Solar imports down 40% in Q1 of 2019
Latest trade data suggests that India’s solar imports, on which the country’s solar energy industry is heavily reliant, has fallen by 40% in the first quarter (Q1) of 2019. According to Mercom India’s analysis of Department of Commerce data, solar modules and cells valued at approximately $650 million (~Rs45 billion) were imported by India in Q1 2019 compared to $1.1 billion (~Rs76 billion) worth of solar cells and modules imported in Q1 of 2018. While China remained the largest exporter to India, trade volume dropped by 47% year-on-year. The reason for the decline in imports is widely believed to be the 25% import tariffs introduced by the government last year in an effort to boost domestic manufacturing.
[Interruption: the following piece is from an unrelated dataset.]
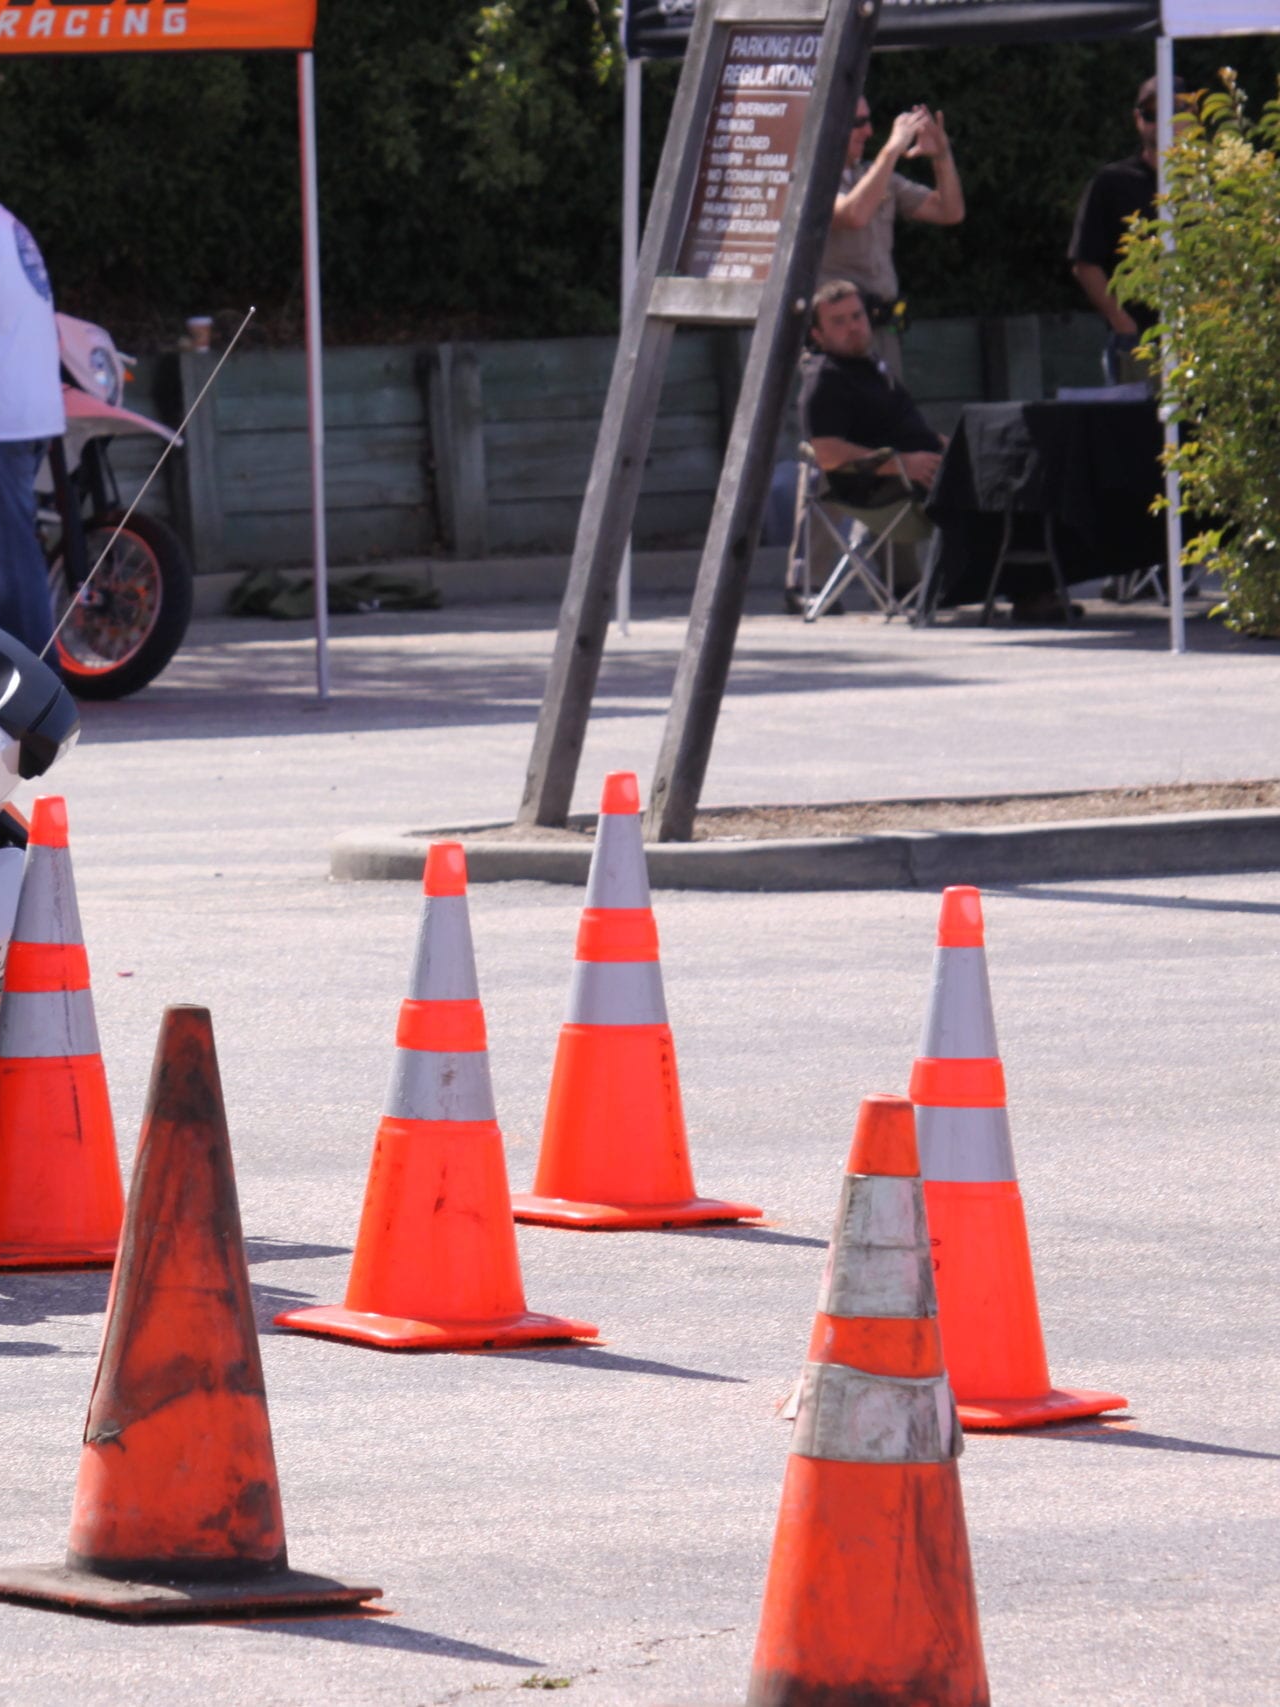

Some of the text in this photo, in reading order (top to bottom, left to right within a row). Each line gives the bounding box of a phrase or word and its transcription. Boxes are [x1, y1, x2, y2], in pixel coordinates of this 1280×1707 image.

[730, 35, 825, 57] PARKING LOT
[719, 102, 788, 117] NO OVERNIGHT
[712, 135, 770, 150] LOT CLOSED
REC sales continue to slide in a worrying trend for the sector
In yet another indication that all is not well in India’s renewables sector, sales of renewable energy certificates (REC) dropped by 22%. The Indian Energy Exchange (IEX) and Power Exchange of India (PXIL), the two power bourses in the country, which are engaged in trading of RECs, reported at the end of the June trading period that REC trade volume fell to 6.98 lakh units in June as compared to 8.96 lakh in the same month a year ago. As availability of power from solar and hydro projects contracted long term with discoms increases, availability of RECs on trading platforms has reduced. This has resulted in buy bids exceeding sell bids, and an increase in the value of the certificates. This does not bode well for growth trajectory of renewables in the country and indicates an urgent need to bring more projects under the REC ambit.
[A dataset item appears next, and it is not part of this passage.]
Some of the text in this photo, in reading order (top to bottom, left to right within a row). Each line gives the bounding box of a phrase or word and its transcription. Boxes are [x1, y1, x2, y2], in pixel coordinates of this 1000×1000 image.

WTO provides India relief in trade battle over solar exports to the US
A World Trade Organization (WTO) dispute panel has ruled in favor of India in its complaint against the United States over subsidies and rules applied by eight US states in the renewable energy sector, such as for solar and wind power. The panel found that California, Connecticut, Delaware, Massachusetts, Michigan, Minnesota, Montana, and Washington had improperly given tax or financial incentives to domestic producers of renewable energy systems, components or “inputs” made in those states, in effect discriminating against imported goods. India didn’t specify the amount of alleged damage of the practices. The two sides have up to 60 days to appeal.
Centre to introduce solar scheme for farmers
The Indian government is in the process of operationalising a scheme to enable the sale of solar power generated on farms to the government. Power minister RK Singh informed the Lok Sabha on July 4 that farmers would now be able to use their land to install solar panels, power generated from which would be bought by the government at 30-35 paise per unit. According to the minister, this would ensure an annual income of up to Rs1 lakh, as part of the Prime Minister’s target of doubling farmer income by 2022.
Delhi police to go solar across the capital
In a bid to transition to clean energy and cut down on electricity bills, the Delhi police on July 3 announced that it would install rooftop solar energy systems in over 200 of its buildings across the city. The installation will be taken up as a part of an MOU between the Solar Energy Corporation of India (SECI) and the Delhi police. With this project, it is estimated that Rooftop Solar Systems of total capacity of about 3-4 MW will be implemented across various Delhi police buildings.